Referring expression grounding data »
● ● ● ●

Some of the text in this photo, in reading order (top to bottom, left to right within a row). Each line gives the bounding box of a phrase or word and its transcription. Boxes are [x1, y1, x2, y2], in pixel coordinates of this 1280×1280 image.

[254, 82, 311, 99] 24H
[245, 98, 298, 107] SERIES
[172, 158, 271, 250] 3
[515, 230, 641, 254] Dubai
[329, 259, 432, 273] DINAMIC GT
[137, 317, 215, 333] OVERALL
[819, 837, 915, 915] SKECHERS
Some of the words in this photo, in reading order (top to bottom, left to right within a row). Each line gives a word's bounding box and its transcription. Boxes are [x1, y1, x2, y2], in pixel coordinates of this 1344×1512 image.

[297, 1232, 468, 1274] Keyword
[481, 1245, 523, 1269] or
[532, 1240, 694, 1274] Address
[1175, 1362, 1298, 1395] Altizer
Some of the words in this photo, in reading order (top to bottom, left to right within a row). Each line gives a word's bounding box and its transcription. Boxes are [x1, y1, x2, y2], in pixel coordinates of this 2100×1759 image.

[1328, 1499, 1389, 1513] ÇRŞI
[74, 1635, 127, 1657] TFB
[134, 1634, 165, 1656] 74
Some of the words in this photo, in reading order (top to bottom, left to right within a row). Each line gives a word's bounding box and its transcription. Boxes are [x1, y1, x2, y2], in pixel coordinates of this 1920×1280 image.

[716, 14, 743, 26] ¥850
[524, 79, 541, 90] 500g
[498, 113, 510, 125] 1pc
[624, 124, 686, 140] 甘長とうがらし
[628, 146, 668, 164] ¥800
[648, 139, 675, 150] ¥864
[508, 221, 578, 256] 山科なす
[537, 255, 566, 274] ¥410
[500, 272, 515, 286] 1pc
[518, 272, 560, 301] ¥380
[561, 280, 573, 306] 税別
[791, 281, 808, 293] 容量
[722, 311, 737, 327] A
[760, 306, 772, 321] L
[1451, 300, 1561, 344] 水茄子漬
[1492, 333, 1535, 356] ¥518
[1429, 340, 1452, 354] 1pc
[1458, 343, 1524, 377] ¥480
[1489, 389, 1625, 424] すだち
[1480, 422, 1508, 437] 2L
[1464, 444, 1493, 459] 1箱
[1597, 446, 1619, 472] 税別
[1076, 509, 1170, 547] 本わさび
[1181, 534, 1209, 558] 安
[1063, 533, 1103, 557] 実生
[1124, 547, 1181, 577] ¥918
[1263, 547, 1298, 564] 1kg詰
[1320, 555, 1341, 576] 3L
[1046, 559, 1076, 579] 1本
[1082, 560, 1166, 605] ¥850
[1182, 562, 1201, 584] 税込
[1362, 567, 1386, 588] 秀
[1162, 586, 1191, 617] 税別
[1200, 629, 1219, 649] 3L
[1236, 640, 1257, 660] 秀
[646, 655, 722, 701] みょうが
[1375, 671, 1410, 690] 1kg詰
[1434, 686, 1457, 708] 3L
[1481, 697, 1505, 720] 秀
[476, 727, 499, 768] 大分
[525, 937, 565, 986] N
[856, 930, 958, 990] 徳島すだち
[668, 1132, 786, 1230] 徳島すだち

● ● ● ●

YOUR TASK » The lines from the one containing "this 1920×1280 image." through the final line of the entries above are to be printed exactly, with nothing added.

EXERCISE ANSWER »
Some of the words in this photo, in reading order (top to bottom, left to right within a row). Each line gives a word's bounding box and its transcription. Boxes are [x1, y1, x2, y2], in pixel coordinates of this 1920×1280 image.

[716, 14, 743, 26] ¥850
[524, 79, 541, 90] 500g
[498, 113, 510, 125] 1pc
[624, 124, 686, 140] 甘長とうがらし
[628, 146, 668, 164] ¥800
[648, 139, 675, 150] ¥864
[508, 221, 578, 256] 山科なす
[537, 255, 566, 274] ¥410
[500, 272, 515, 286] 1pc
[518, 272, 560, 301] ¥380
[561, 280, 573, 306] 税別
[791, 281, 808, 293] 容量
[722, 311, 737, 327] A
[760, 306, 772, 321] L
[1451, 300, 1561, 344] 水茄子漬
[1492, 333, 1535, 356] ¥518
[1429, 340, 1452, 354] 1pc
[1458, 343, 1524, 377] ¥480
[1489, 389, 1625, 424] すだち
[1480, 422, 1508, 437] 2L
[1464, 444, 1493, 459] 1箱
[1597, 446, 1619, 472] 税別
[1076, 509, 1170, 547] 本わさび
[1181, 534, 1209, 558] 安
[1063, 533, 1103, 557] 実生
[1124, 547, 1181, 577] ¥918
[1263, 547, 1298, 564] 1kg詰
[1320, 555, 1341, 576] 3L
[1046, 559, 1076, 579] 1本
[1082, 560, 1166, 605] ¥850
[1182, 562, 1201, 584] 税込
[1362, 567, 1386, 588] 秀
[1162, 586, 1191, 617] 税別
[1200, 629, 1219, 649] 3L
[1236, 640, 1257, 660] 秀
[646, 655, 722, 701] みょうが
[1375, 671, 1410, 690] 1kg詰
[1434, 686, 1457, 708] 3L
[1481, 697, 1505, 720] 秀
[476, 727, 499, 768] 大分
[525, 937, 565, 986] N
[856, 930, 958, 990] 徳島すだち
[668, 1132, 786, 1230] 徳島すだち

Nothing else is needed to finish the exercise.